Copper(II)‐bis‐Histidine Coordination Structure in a Fibrillar Amyloid β‐Peptide Fragment and Model Complexes Revealed by Electron Spin Echo Envelope Modulation Spectroscopy

Truncated and mutated amyloid‐β (Aβ) peptides are models for systematic study—in homogeneous preparations—of the molecular origins of metal ion effects on Aβ aggregation rates, types of aggregate structures formed, and cytotoxicity.
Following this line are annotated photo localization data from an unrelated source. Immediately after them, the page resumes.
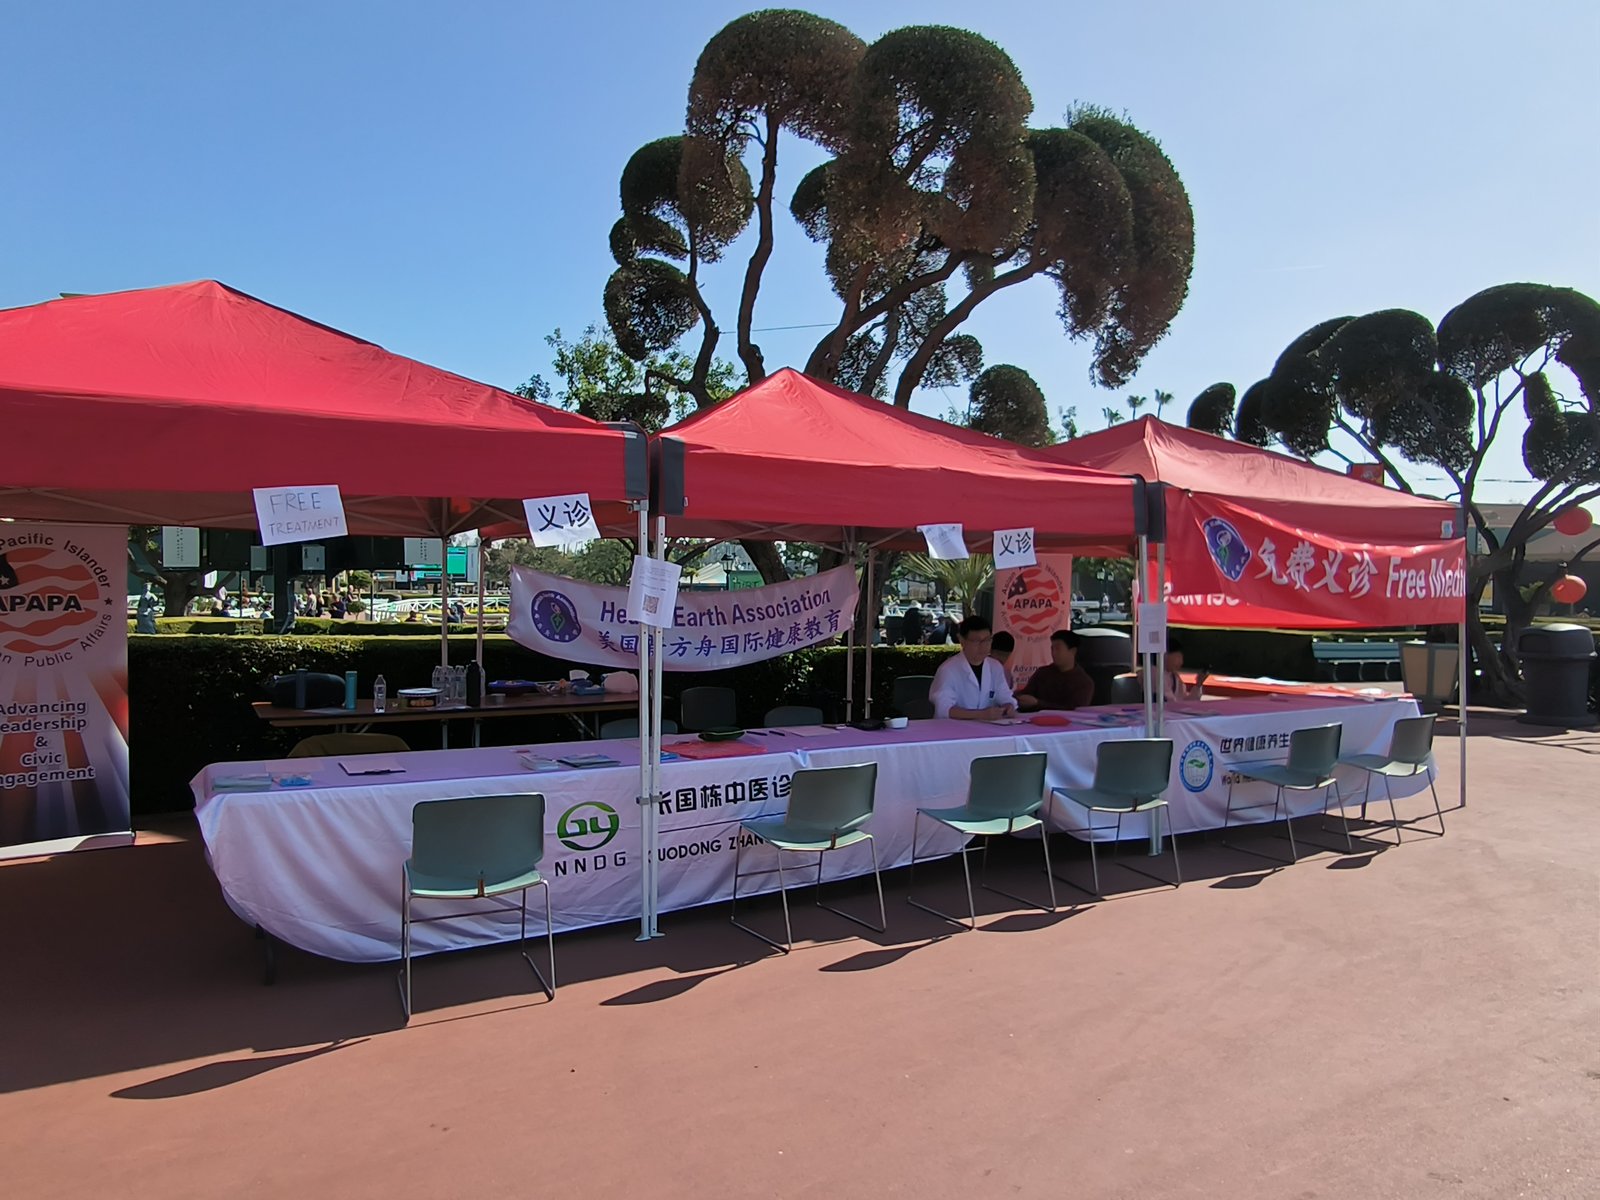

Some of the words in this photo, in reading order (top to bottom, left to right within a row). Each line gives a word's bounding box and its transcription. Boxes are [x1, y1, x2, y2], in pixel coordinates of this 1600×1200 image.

[269, 492, 321, 515] FREE
[537, 500, 590, 532] 义诊
[268, 516, 339, 536] TREATMENT
[999, 531, 1032, 556] 义诊
[63, 540, 111, 588] Islander
[1254, 537, 1379, 600] 免费义诊
[1386, 555, 1426, 599] Free
[1429, 557, 1467, 598] Medi
[674, 605, 728, 627] Earth
[732, 590, 831, 625] Association
[1013, 599, 1053, 609] APAPA
[24, 651, 73, 667] Public
[80, 613, 112, 651] Affairs
[0, 700, 87, 715] Advancing
[0, 717, 87, 732] eadership
[35, 736, 48, 747] &
[21, 752, 62, 765] Civic
[648, 840, 722, 863] UODONG
[728, 833, 766, 850] ZHAN
[555, 851, 627, 877] NNDG
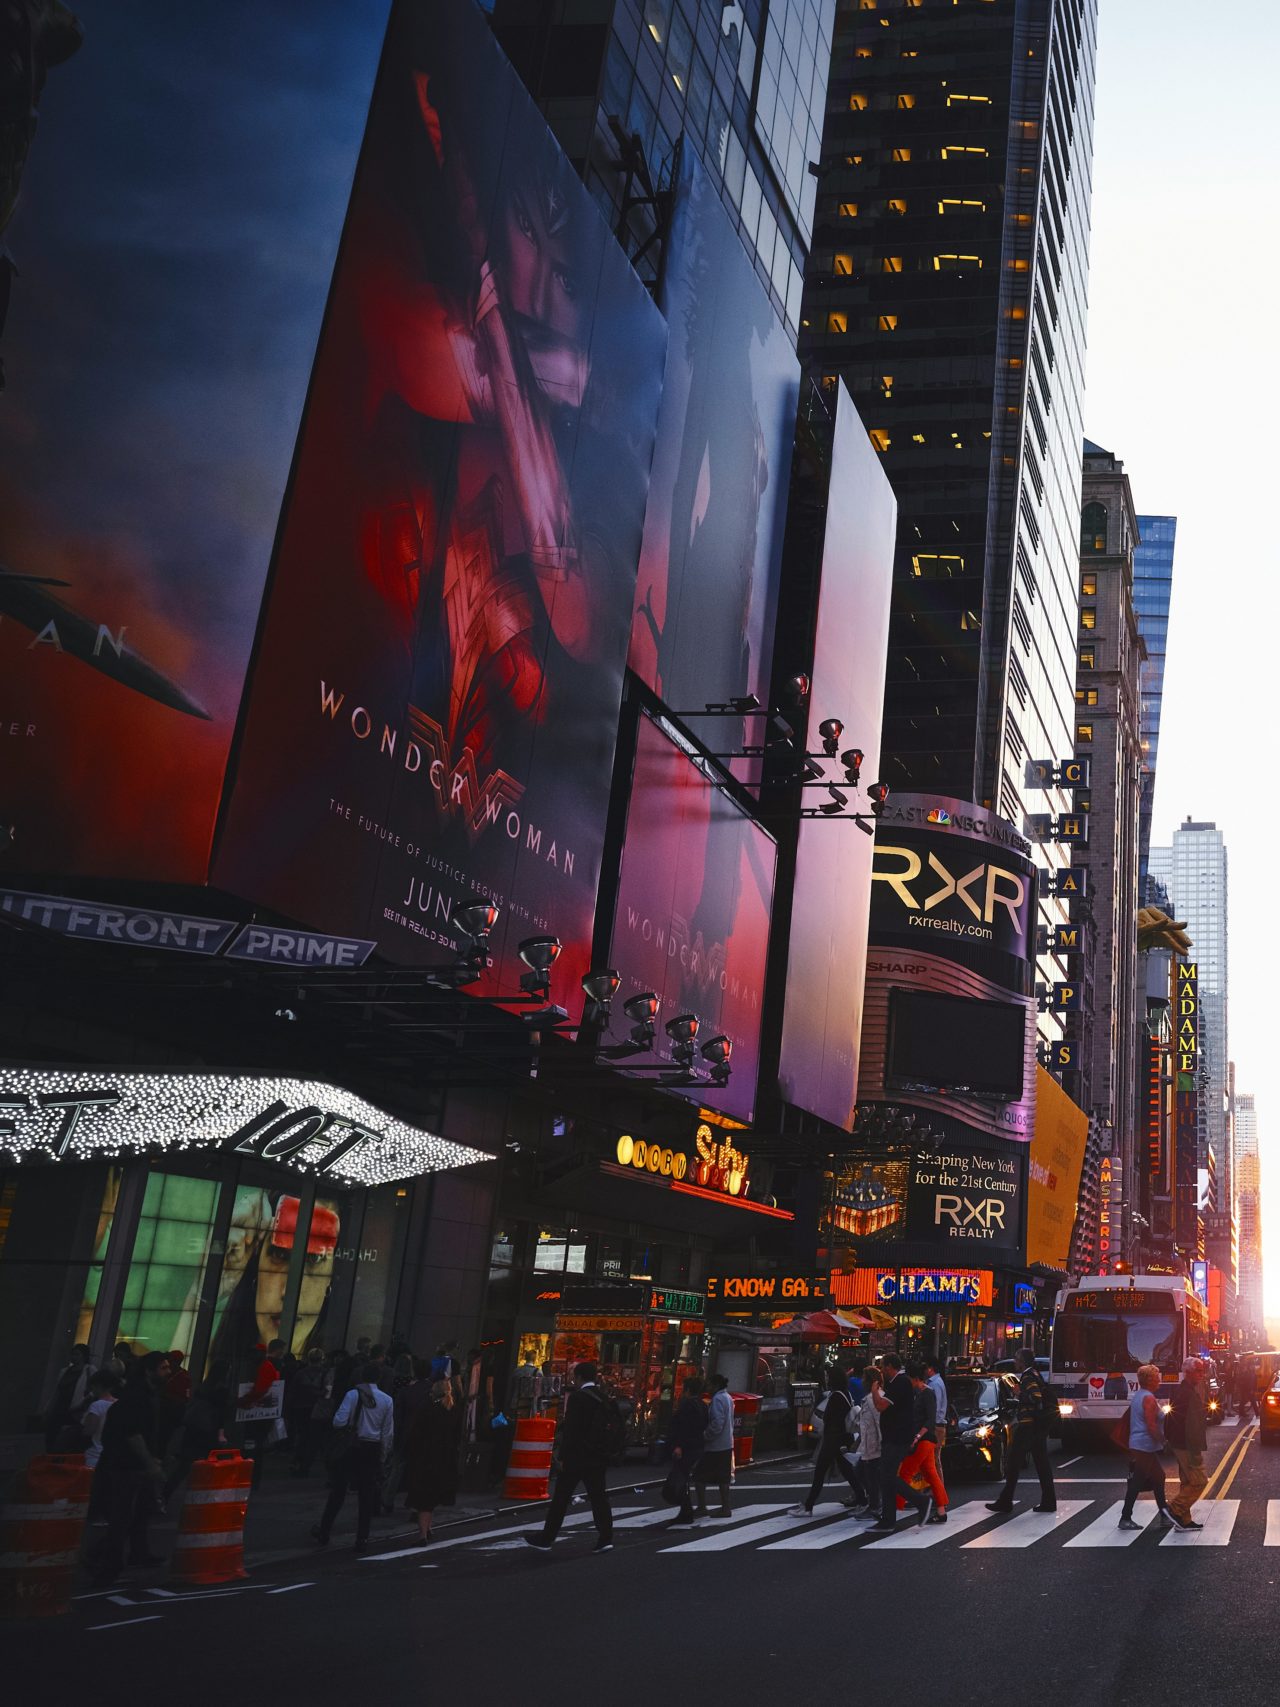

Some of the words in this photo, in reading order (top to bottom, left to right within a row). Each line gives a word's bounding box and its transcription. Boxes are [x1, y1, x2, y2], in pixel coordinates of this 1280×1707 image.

[320, 679, 469, 804] WONDER
[485, 794, 575, 877] WOMAN
[329, 798, 351, 820] THE
[358, 816, 400, 848] FUTURE
[406, 843, 421, 857] OF
[425, 854, 466, 884] JUSTICE
[470, 879, 504, 905] BEGINS
[509, 902, 529, 920] WITH
[533, 915, 549, 930] HER
[403, 877, 453, 923] JUN
[872, 845, 1024, 935] RXR
[908, 913, 993, 940] rxrrealty.com
[247, 935, 360, 966] PRIME
[627, 906, 698, 972] WONDER
[708, 958, 758, 1008] WOMAN
[867, 961, 927, 975] SHARP
[1178, 963, 1197, 1072] MADAME
[972, 1155, 996, 1170] New
[997, 1159, 1015, 1174] York
[915, 1170, 935, 1184] for
[939, 1172, 959, 1186] the
[961, 1174, 982, 1189] 21st
[984, 1177, 1017, 1196] Century
[934, 1194, 1005, 1229] RXR
[950, 1227, 995, 1239] REALTY
[723, 1278, 774, 1297] KNOW
[877, 1275, 981, 1300] CHAMPS
[558, 1320, 593, 1328] HALAL
[609, 1320, 642, 1328] FOOD
The 3D geometry of bis‐histidine imidazole coordination of Cu^II in fibrils of the nonapetide acetyl‐Aβ(13–21)H14A has been determined by powder ¹⁴N electron spin echo envelope modulation (ESEEM) spectroscopy. The method of simulation of the anisotropic combination modulation is described and benchmarked for a Cu^II‐bis‐cis‐imidazole complex of known structure. The revealed bis‐cis coordination mode, and the mutual orientation of the imidazole rings, for Cu^II in Ac‐Aβ(13–21)H14A fibrils are consistent with the proposed β‐sheet structural model and pairwise peptide interaction with Cu^II, with an alternating ‐metal‐vacancy‐]_n pattern, along the N‐terminal edge. Metal coordination does not significantly distort the intra‐β‐strand peptide interactions, which provides a possible explanation for the acceleration of Ac‐Aβ(13–21)H14A fibrillization by Cu^II, through stabilization of the associated state and low‐reorganization integration of β‐strand peptide pair precursors.